What to work on — In the records that follow, find each line with the word "BANK" and copy it.

Data for the task —
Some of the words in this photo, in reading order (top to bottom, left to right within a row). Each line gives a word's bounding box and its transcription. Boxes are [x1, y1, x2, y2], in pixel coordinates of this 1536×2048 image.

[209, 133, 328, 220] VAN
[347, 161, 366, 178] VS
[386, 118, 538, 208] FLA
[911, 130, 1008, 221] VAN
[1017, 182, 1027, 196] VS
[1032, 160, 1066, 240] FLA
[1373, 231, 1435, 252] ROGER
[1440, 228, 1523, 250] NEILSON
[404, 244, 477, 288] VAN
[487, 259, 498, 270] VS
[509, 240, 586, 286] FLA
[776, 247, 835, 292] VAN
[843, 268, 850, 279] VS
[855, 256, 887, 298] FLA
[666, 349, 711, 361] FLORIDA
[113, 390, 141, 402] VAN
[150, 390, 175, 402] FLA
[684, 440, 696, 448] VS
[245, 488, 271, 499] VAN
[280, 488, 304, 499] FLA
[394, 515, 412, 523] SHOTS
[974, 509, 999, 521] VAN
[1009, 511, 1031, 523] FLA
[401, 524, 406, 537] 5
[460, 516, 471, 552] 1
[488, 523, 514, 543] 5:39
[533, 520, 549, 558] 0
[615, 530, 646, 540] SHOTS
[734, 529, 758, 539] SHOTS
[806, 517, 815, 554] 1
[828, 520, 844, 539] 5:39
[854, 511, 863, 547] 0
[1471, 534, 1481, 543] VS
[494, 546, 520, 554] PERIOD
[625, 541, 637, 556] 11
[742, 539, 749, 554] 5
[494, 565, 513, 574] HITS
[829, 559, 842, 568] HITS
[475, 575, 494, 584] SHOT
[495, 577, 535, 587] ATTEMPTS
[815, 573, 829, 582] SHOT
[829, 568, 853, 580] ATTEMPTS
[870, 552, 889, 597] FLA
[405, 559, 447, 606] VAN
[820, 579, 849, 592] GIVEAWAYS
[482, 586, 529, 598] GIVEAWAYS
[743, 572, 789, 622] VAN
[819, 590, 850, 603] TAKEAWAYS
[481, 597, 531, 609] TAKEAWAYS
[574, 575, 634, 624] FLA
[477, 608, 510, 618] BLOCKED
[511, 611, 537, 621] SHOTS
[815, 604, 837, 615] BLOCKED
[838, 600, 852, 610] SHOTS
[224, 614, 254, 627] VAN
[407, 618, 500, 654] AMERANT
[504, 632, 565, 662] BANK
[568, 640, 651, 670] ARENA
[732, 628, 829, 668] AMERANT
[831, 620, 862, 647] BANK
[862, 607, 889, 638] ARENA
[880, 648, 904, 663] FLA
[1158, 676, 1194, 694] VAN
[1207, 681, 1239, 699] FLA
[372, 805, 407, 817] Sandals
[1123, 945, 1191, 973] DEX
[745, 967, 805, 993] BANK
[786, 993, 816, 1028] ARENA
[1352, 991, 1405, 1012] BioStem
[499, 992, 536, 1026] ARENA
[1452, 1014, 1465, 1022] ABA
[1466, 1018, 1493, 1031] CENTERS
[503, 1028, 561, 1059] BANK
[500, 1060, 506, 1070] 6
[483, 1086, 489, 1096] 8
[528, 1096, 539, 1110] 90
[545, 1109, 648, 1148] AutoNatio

Result of this task —
[504, 632, 565, 662] BANK
[831, 620, 862, 647] BANK
[745, 967, 805, 993] BANK
[503, 1028, 561, 1059] BANK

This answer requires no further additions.